ConsensusConsensus RangeActualPreviousRevised
Private Payrolls - M/M185,000150,000 to 280,000324,000497,000455,000

Highlights

The ADP national employment report puts private payroll growth at 324,000 in July, down from 455,000 in June. Although June's level was revised lower, it is still a substantial increase. The July reading is well above the consensus of 185,000 in the Econoday survey of forecasters. Overall, private payrolls are seeing solid gains with only a few pockets of weakness.

Among goods-producers, payrolls are up 21,000 in July. Natural resources/mining add 48,000 workers and construction 9,000, while manufacturing payrolls are lower by 36,000.

Service-providers' payrolls rose 303,000 in July. Nearly two-thirds of those jobs are a rise of 201,000 in leisure/hospitality where the summer months appear to be drawing out consumers to travel and entertainment venues. The only service provider to decrease is the 5,000 dip in payrolls for financial activities.

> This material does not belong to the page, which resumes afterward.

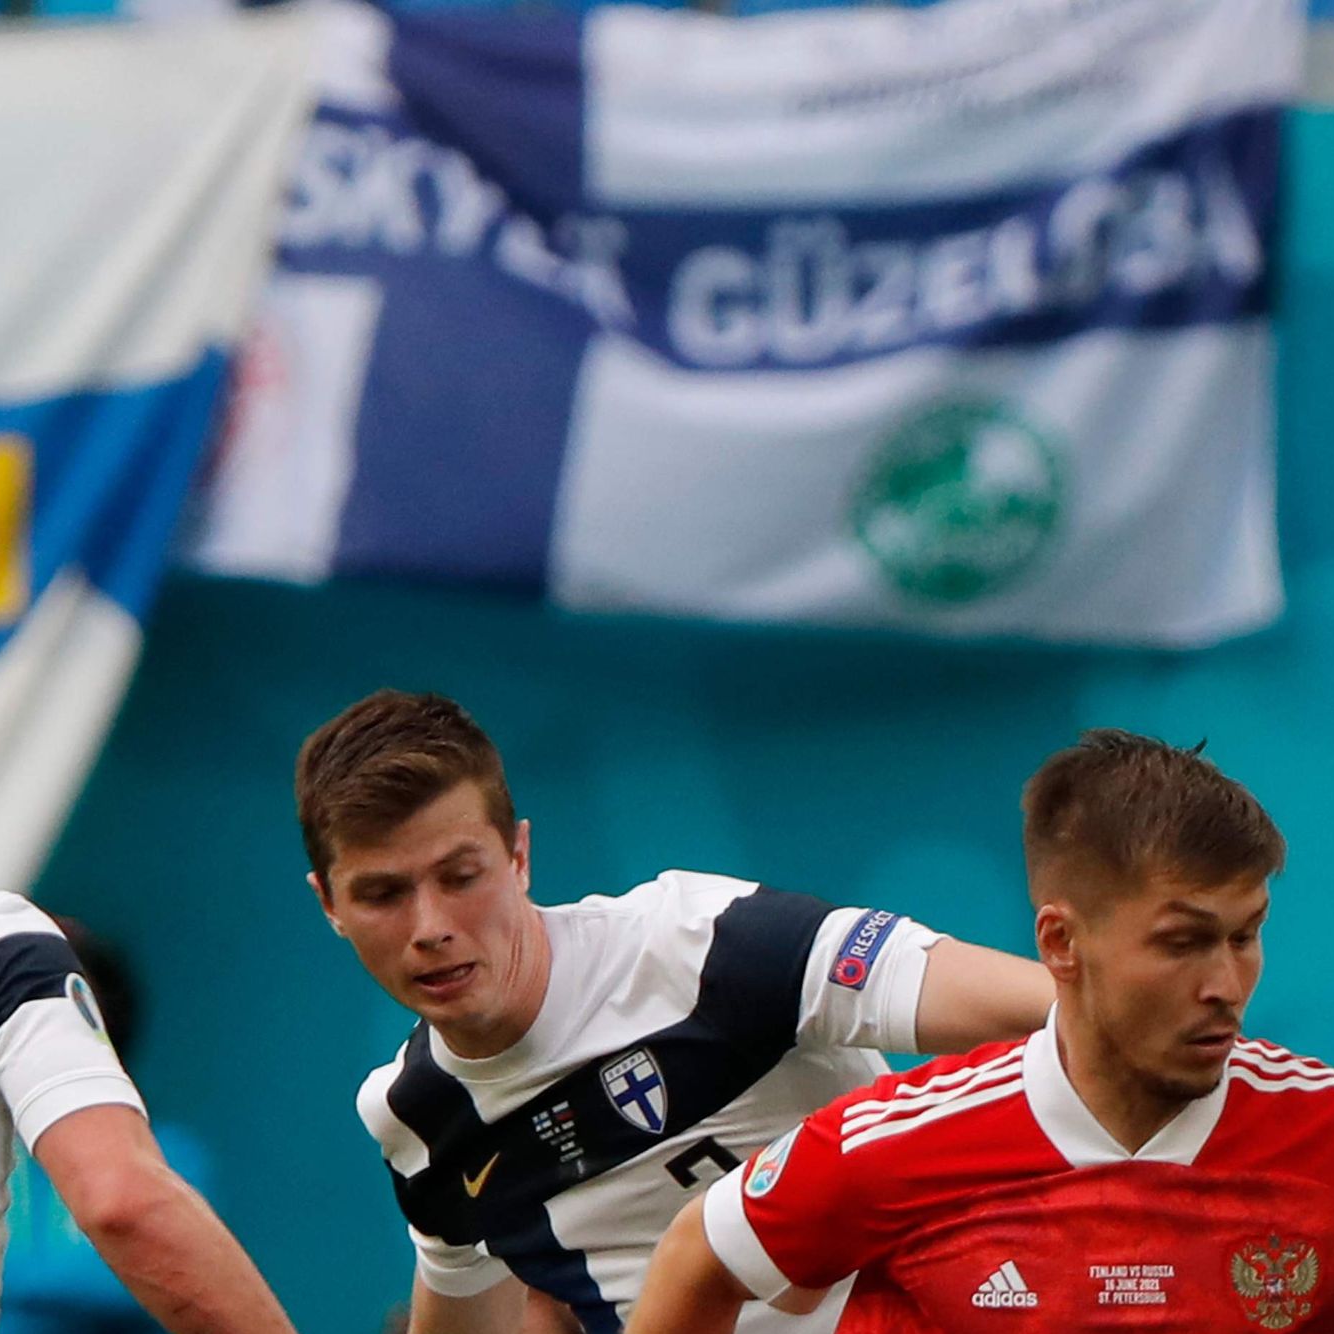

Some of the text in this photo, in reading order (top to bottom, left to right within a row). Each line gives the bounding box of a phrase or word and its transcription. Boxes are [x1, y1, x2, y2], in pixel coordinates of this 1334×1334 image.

Hiring has decisively shifted in favor of smaller companies that have been plagued by a competitive disadvantage at a time when labor is in short supply. However, the imbalance in available labor appears to be easing. In July, small establishments (1-49 workers) add 237,000 to payrolls, medium establishment (50-499) add 138,000 employees, and large establishments (500+), cut 67,000 jobs.

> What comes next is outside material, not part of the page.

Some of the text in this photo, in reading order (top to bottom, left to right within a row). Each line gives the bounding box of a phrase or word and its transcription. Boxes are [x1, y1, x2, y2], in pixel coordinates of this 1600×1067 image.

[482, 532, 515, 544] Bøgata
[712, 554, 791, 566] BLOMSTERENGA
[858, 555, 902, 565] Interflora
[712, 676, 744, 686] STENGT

Companies are getting some relief from the escalation of employee wages and salaries. For job-stayers, the median year-over-year increase in July is 6.2 percent, the lowest since 6.2 percent in November 2021. For those changing jobs, the median year-over-year increase is 10.2 percent, the lowest since 9.9 percent in July 2021.

Market Consensus Before Announcement

Forecaster see ADP's July employment number at 185,000. This would compare with June growth in private payrolls reported by the Bureau of Labor Statistics of 149,000. ADP's number for June was way off at 497,000.

Definition

The national employment report from Automated Data Processing Inc. is computed from ADP payroll data and offers advance indications on the U.S. workforce. ADP's data cover more than 500,000 companies totaling more than 25 million employees. The report is produced by ADP Research Institute in collaboration with Stanford Digital Economy Lab.

Description

Market players have become accustomed to the excitement on employment Friday and realize the rich detail of the monthly employment situation can help set the tone for the entire month. While economists have improved their nonfarm payroll forecasts over the years, it is not unusual to see surprises on employment Friday. To that end, the ADP's national employment report can help improve the payroll forecast by providing information in advance of the employment report.

The employment statistics also provide insight on wage trends, and wage inflation is high on the list of enemies for the Federal Reserve. Fed officials constantly monitor this data watching for even the smallest signs of potential inflationary pressures, even when economic conditions are soggy. If inflation is under control, it is easier for the Fed to maintain a more accommodative monetary policy. If inflation is a problem, the Fed is limited in providing economic stimulus.

By tracking jobs, investors can sense the degree of tightness in the job market. If wage inflation threatens, it's a good bet that interest rates will rise; bond and stock prices will fall. No doubt that the only investors in a good mood will be the ones who watched the employment report and adjusted their portfolios to anticipate these events. In contrast, when job growth is slow or negative, then interest rates are likely to decline - boosting up bond and stock prices in the process.